The Cardinal also answered questions about the assassination attempt on the Pope’s life and the secret of Fatima. Preziosi asked whether we should consider the revelations of the secret finished. “They are finished in part,” said Cardinal Bertone. “In the part described by Sister Lucia. But as Cardinal Ratzinger said in his talk, the Immaculate Heart of Mary will triumph. Therefore, we need to cultivate hope and not be catastrophic, but always in line with a commitment to fidelity under the protection of the Madonna, because the fight between good and evil is a permanent one. The danger of a new catastrophe and the danger of un-human and anti-human situations is always at the door.”

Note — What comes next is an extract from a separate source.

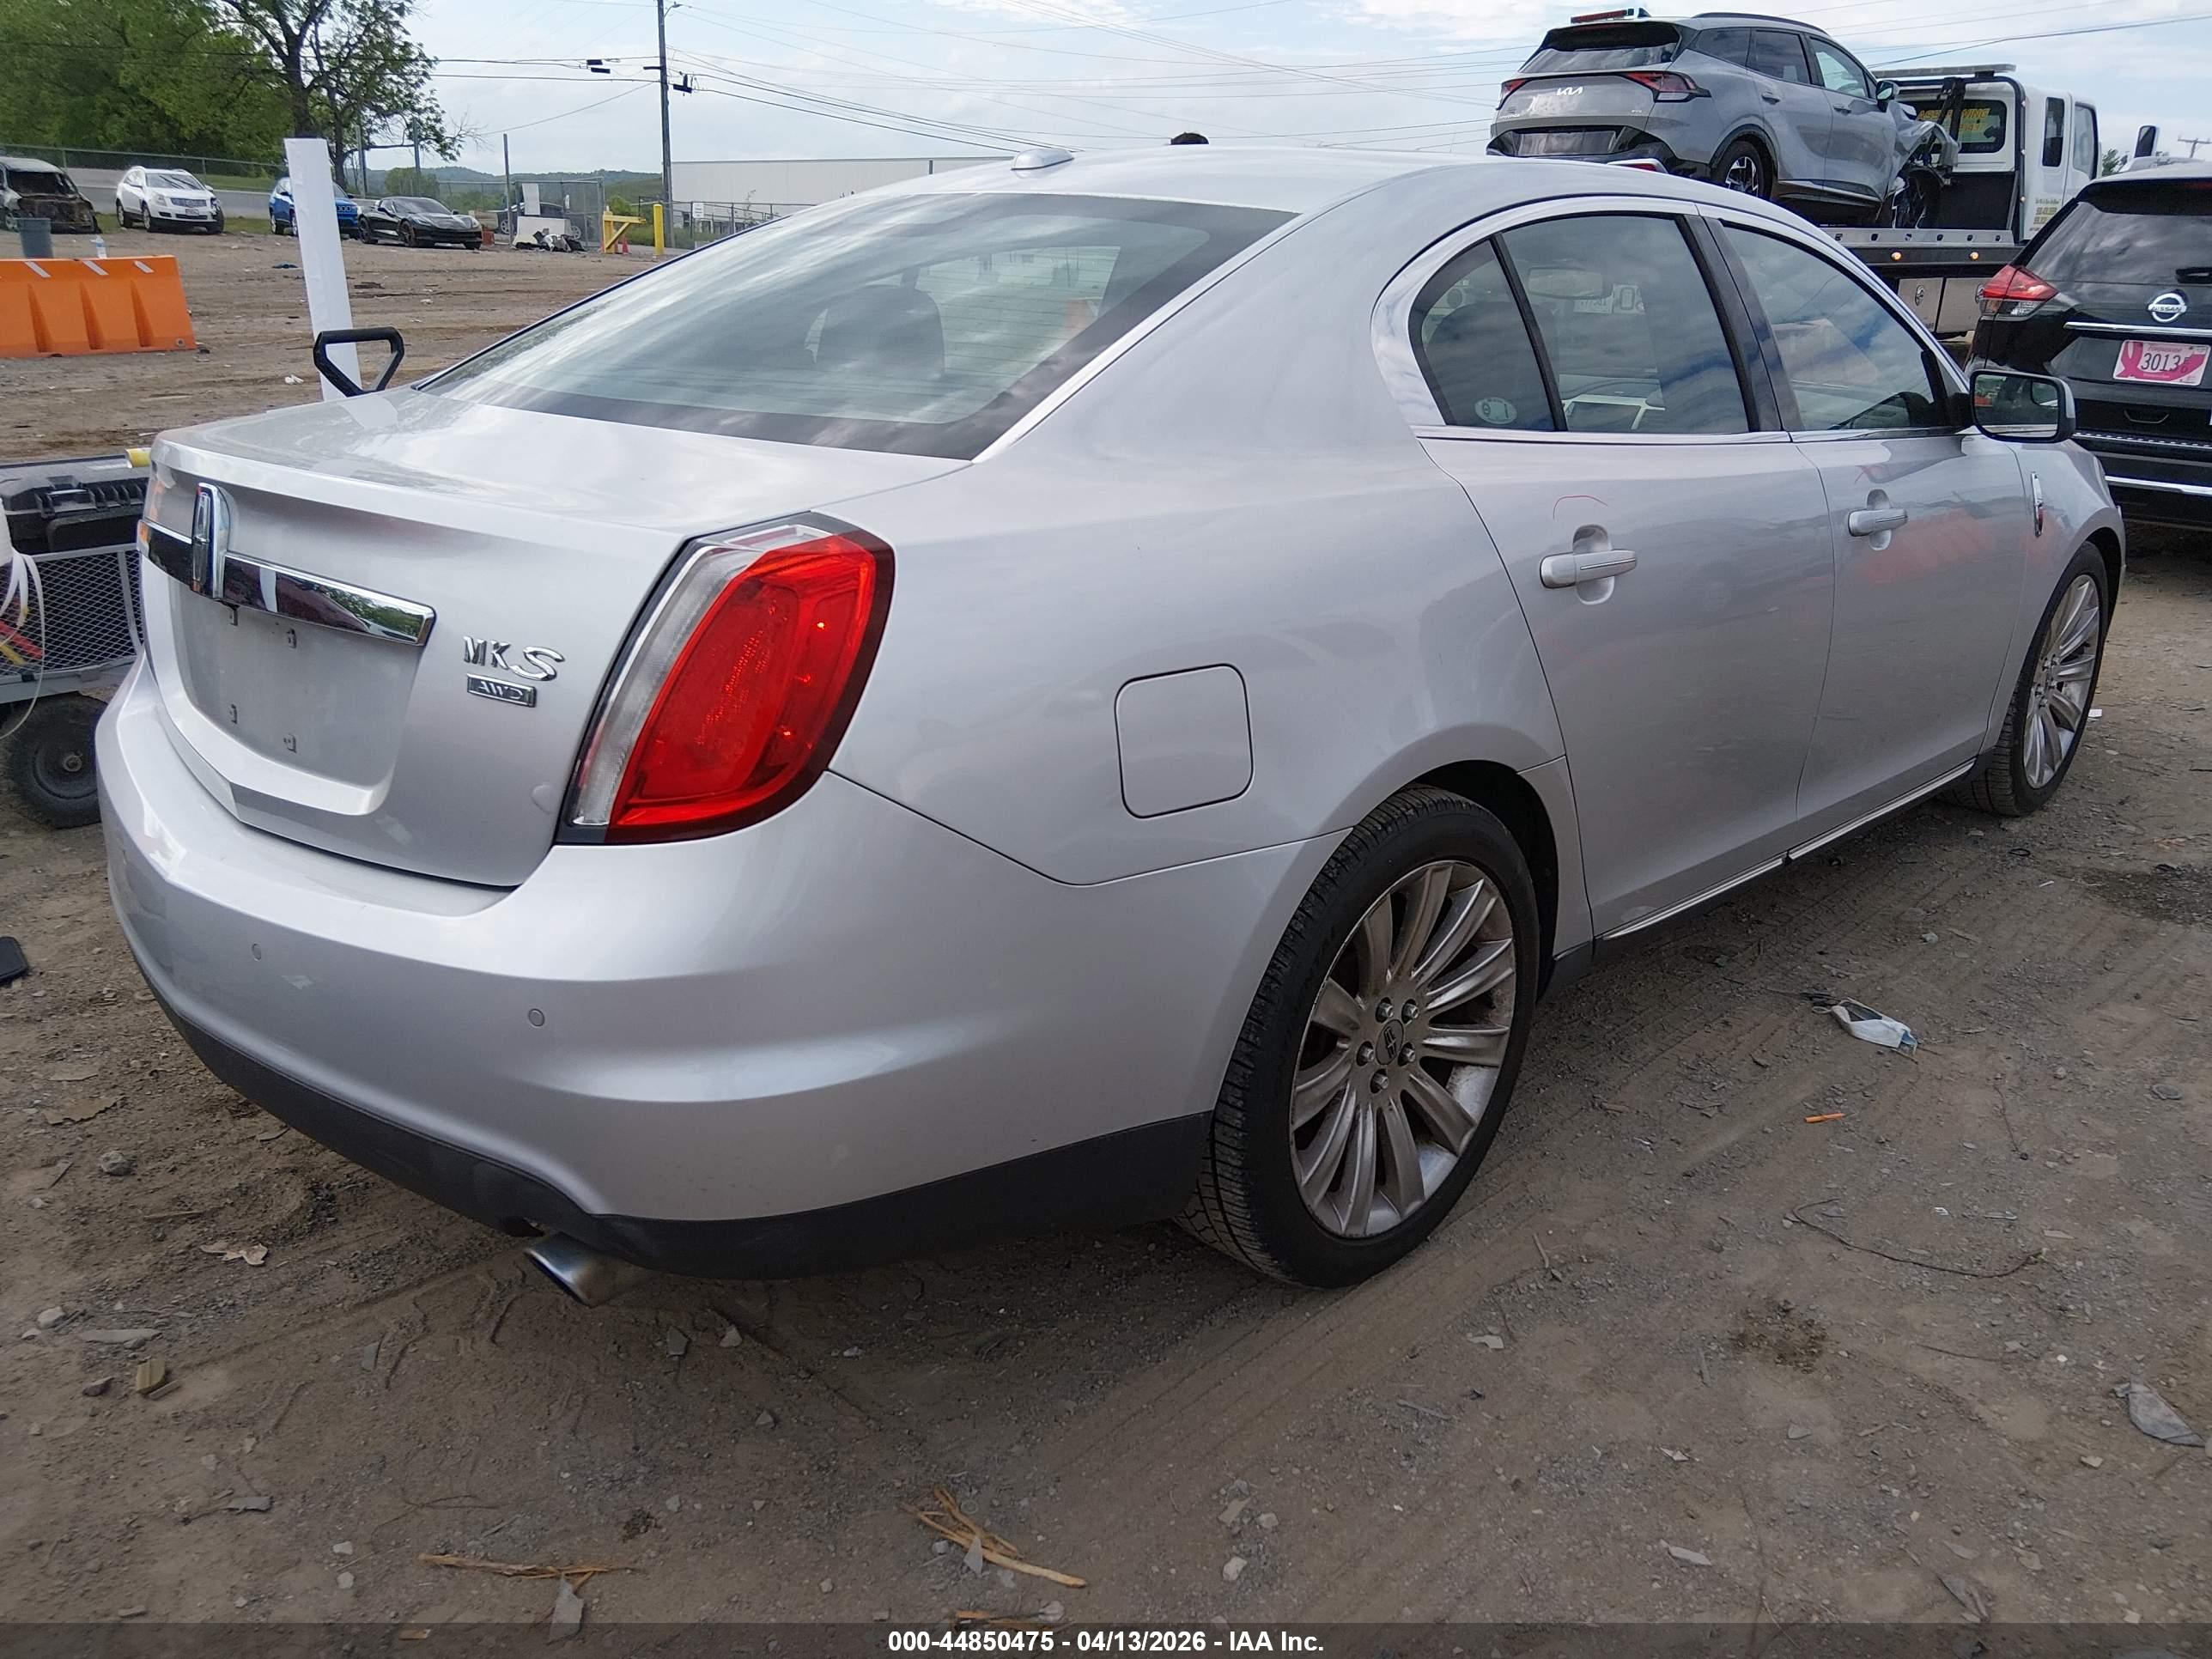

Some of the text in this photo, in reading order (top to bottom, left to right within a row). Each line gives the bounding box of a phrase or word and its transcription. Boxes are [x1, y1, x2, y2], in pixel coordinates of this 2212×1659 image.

[1556, 86, 1583, 96] KIA
[463, 635, 566, 681] MKS
[477, 680, 525, 700] AWD
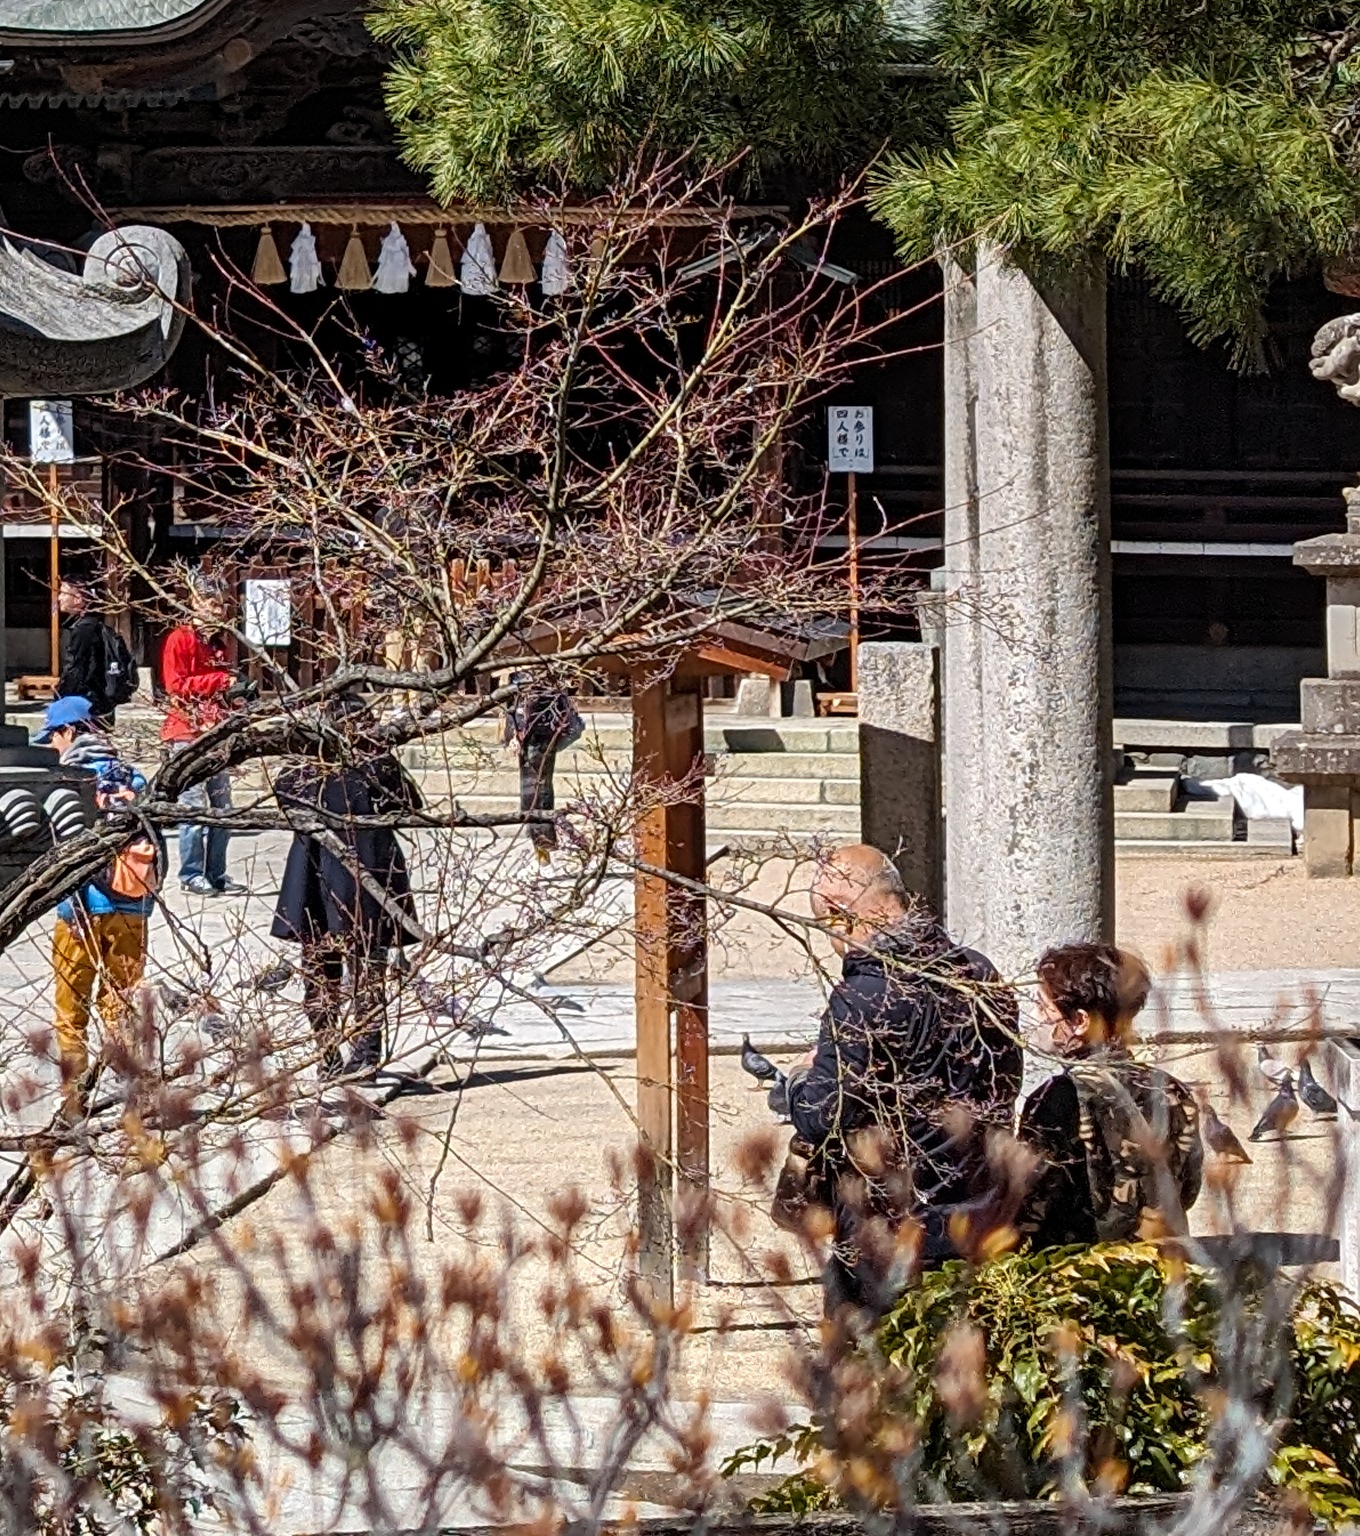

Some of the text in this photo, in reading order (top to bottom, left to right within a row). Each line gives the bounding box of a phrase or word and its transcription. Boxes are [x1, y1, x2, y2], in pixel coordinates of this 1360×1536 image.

Then, a question on the apologies which Papa Wojtyla did not hesistate to offer many times. “To ask for pardon,” said the Secretary of State, “we know, was an act of courage for which he would have wanted a reciprocity on the part of others. Unfortunately, there was no response of this type.”
Finally, the Director of the radio asked about the Pope’s trip to Cuba and his meeting with Fidel Castro. It was, said Bertone, “a trip that restored a new consciousness to the Cuban people. A consciousness of the need for a profound regeneration, the desire to obtain greater liberty.” Yet, it was a trip that was good for Fidel Castro too. Bertone recalled, “John Paul II told me: ‘I have never met a man, a head of State, who has read so many of my encyclicals, my books and my poetry. When Fidel Castro spoke with me, every so often he cited something from one of my talks, or encyclicals or one of my poems.’ That means,” continued the Cardinal, “that the Pope’s trip to Cuba encouraged Fidel Castro to read some good literature, in particular the social encyclicals of Papa Wojtyla.”